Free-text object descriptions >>
--
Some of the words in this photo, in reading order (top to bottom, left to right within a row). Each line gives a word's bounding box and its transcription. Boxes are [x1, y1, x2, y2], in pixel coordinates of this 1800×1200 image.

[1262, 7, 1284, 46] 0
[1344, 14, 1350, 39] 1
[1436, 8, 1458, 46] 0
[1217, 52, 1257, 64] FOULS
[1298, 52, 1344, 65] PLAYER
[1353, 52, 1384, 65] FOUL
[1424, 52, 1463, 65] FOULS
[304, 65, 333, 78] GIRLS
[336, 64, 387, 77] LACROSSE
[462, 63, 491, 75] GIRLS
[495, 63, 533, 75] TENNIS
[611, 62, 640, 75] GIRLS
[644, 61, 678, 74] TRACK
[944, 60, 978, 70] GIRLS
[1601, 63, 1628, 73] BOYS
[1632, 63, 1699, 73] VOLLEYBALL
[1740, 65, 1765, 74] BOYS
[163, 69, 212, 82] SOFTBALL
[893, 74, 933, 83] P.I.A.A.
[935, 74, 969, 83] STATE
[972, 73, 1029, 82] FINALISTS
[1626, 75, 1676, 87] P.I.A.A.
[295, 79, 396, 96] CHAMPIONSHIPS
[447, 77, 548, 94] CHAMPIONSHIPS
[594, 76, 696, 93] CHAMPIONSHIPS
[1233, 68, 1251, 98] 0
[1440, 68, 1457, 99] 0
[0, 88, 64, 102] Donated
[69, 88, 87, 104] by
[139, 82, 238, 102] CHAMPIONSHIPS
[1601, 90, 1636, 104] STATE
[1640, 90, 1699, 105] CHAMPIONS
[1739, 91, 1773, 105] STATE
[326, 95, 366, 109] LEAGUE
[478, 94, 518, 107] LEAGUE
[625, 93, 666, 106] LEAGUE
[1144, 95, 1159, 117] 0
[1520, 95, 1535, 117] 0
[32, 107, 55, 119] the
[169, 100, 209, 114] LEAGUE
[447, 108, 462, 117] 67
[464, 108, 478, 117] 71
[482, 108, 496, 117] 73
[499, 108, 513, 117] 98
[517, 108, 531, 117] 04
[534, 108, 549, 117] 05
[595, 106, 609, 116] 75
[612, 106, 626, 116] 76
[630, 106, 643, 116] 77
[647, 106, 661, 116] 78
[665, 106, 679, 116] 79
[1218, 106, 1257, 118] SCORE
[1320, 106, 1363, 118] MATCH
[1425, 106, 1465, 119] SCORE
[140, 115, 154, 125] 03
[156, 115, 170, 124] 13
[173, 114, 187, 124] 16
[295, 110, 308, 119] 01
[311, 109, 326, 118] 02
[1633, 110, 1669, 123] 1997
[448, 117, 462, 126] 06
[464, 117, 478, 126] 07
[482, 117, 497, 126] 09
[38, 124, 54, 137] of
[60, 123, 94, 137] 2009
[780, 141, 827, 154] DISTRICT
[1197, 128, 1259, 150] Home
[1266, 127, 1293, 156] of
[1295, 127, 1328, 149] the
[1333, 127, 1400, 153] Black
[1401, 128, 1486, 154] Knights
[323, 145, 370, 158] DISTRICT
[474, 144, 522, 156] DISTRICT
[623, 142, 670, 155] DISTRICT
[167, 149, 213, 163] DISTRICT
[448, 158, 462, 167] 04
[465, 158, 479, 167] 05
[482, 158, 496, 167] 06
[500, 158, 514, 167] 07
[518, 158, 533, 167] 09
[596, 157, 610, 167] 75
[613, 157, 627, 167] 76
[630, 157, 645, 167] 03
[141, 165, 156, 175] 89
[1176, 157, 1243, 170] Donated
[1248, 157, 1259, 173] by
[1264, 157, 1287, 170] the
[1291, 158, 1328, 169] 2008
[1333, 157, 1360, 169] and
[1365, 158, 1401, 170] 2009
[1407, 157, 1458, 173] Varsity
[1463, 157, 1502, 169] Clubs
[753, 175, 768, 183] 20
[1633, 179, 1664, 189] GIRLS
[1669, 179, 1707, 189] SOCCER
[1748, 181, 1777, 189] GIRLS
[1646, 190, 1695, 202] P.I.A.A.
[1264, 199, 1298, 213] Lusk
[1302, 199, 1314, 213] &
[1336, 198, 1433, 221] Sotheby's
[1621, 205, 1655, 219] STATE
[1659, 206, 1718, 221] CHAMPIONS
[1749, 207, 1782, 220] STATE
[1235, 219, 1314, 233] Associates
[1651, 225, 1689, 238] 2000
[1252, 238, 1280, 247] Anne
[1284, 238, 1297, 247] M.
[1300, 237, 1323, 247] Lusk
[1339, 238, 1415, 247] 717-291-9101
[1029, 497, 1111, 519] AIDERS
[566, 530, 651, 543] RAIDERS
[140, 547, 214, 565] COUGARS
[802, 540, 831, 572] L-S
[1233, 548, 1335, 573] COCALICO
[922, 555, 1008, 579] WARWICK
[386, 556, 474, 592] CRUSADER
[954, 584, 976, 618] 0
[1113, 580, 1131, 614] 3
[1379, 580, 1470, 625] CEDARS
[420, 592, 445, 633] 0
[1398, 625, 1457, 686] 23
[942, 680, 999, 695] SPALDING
--
Work instruction >>
The answer is the data above, retyped exactly in full.

Solution for this exercise >>
Some of the words in this photo, in reading order (top to bottom, left to right within a row). Each line gives a word's bounding box and its transcription. Boxes are [x1, y1, x2, y2], in pixel coordinates of this 1800×1200 image.

[1262, 7, 1284, 46] 0
[1344, 14, 1350, 39] 1
[1436, 8, 1458, 46] 0
[1217, 52, 1257, 64] FOULS
[1298, 52, 1344, 65] PLAYER
[1353, 52, 1384, 65] FOUL
[1424, 52, 1463, 65] FOULS
[304, 65, 333, 78] GIRLS
[336, 64, 387, 77] LACROSSE
[462, 63, 491, 75] GIRLS
[495, 63, 533, 75] TENNIS
[611, 62, 640, 75] GIRLS
[644, 61, 678, 74] TRACK
[944, 60, 978, 70] GIRLS
[1601, 63, 1628, 73] BOYS
[1632, 63, 1699, 73] VOLLEYBALL
[1740, 65, 1765, 74] BOYS
[163, 69, 212, 82] SOFTBALL
[893, 74, 933, 83] P.I.A.A.
[935, 74, 969, 83] STATE
[972, 73, 1029, 82] FINALISTS
[1626, 75, 1676, 87] P.I.A.A.
[295, 79, 396, 96] CHAMPIONSHIPS
[447, 77, 548, 94] CHAMPIONSHIPS
[594, 76, 696, 93] CHAMPIONSHIPS
[1233, 68, 1251, 98] 0
[1440, 68, 1457, 99] 0
[0, 88, 64, 102] Donated
[69, 88, 87, 104] by
[139, 82, 238, 102] CHAMPIONSHIPS
[1601, 90, 1636, 104] STATE
[1640, 90, 1699, 105] CHAMPIONS
[1739, 91, 1773, 105] STATE
[326, 95, 366, 109] LEAGUE
[478, 94, 518, 107] LEAGUE
[625, 93, 666, 106] LEAGUE
[1144, 95, 1159, 117] 0
[1520, 95, 1535, 117] 0
[32, 107, 55, 119] the
[169, 100, 209, 114] LEAGUE
[447, 108, 462, 117] 67
[464, 108, 478, 117] 71
[482, 108, 496, 117] 73
[499, 108, 513, 117] 98
[517, 108, 531, 117] 04
[534, 108, 549, 117] 05
[595, 106, 609, 116] 75
[612, 106, 626, 116] 76
[630, 106, 643, 116] 77
[647, 106, 661, 116] 78
[665, 106, 679, 116] 79
[1218, 106, 1257, 118] SCORE
[1320, 106, 1363, 118] MATCH
[1425, 106, 1465, 119] SCORE
[140, 115, 154, 125] 03
[156, 115, 170, 124] 13
[173, 114, 187, 124] 16
[295, 110, 308, 119] 01
[311, 109, 326, 118] 02
[1633, 110, 1669, 123] 1997
[448, 117, 462, 126] 06
[464, 117, 478, 126] 07
[482, 117, 497, 126] 09
[38, 124, 54, 137] of
[60, 123, 94, 137] 2009
[780, 141, 827, 154] DISTRICT
[1197, 128, 1259, 150] Home
[1266, 127, 1293, 156] of
[1295, 127, 1328, 149] the
[1333, 127, 1400, 153] Black
[1401, 128, 1486, 154] Knights
[323, 145, 370, 158] DISTRICT
[474, 144, 522, 156] DISTRICT
[623, 142, 670, 155] DISTRICT
[167, 149, 213, 163] DISTRICT
[448, 158, 462, 167] 04
[465, 158, 479, 167] 05
[482, 158, 496, 167] 06
[500, 158, 514, 167] 07
[518, 158, 533, 167] 09
[596, 157, 610, 167] 75
[613, 157, 627, 167] 76
[630, 157, 645, 167] 03
[141, 165, 156, 175] 89
[1176, 157, 1243, 170] Donated
[1248, 157, 1259, 173] by
[1264, 157, 1287, 170] the
[1291, 158, 1328, 169] 2008
[1333, 157, 1360, 169] and
[1365, 158, 1401, 170] 2009
[1407, 157, 1458, 173] Varsity
[1463, 157, 1502, 169] Clubs
[753, 175, 768, 183] 20
[1633, 179, 1664, 189] GIRLS
[1669, 179, 1707, 189] SOCCER
[1748, 181, 1777, 189] GIRLS
[1646, 190, 1695, 202] P.I.A.A.
[1264, 199, 1298, 213] Lusk
[1302, 199, 1314, 213] &
[1336, 198, 1433, 221] Sotheby's
[1621, 205, 1655, 219] STATE
[1659, 206, 1718, 221] CHAMPIONS
[1749, 207, 1782, 220] STATE
[1235, 219, 1314, 233] Associates
[1651, 225, 1689, 238] 2000
[1252, 238, 1280, 247] Anne
[1284, 238, 1297, 247] M.
[1300, 237, 1323, 247] Lusk
[1339, 238, 1415, 247] 717-291-9101
[1029, 497, 1111, 519] AIDERS
[566, 530, 651, 543] RAIDERS
[140, 547, 214, 565] COUGARS
[802, 540, 831, 572] L-S
[1233, 548, 1335, 573] COCALICO
[922, 555, 1008, 579] WARWICK
[386, 556, 474, 592] CRUSADER
[954, 584, 976, 618] 0
[1113, 580, 1131, 614] 3
[1379, 580, 1470, 625] CEDARS
[420, 592, 445, 633] 0
[1398, 625, 1457, 686] 23
[942, 680, 999, 695] SPALDING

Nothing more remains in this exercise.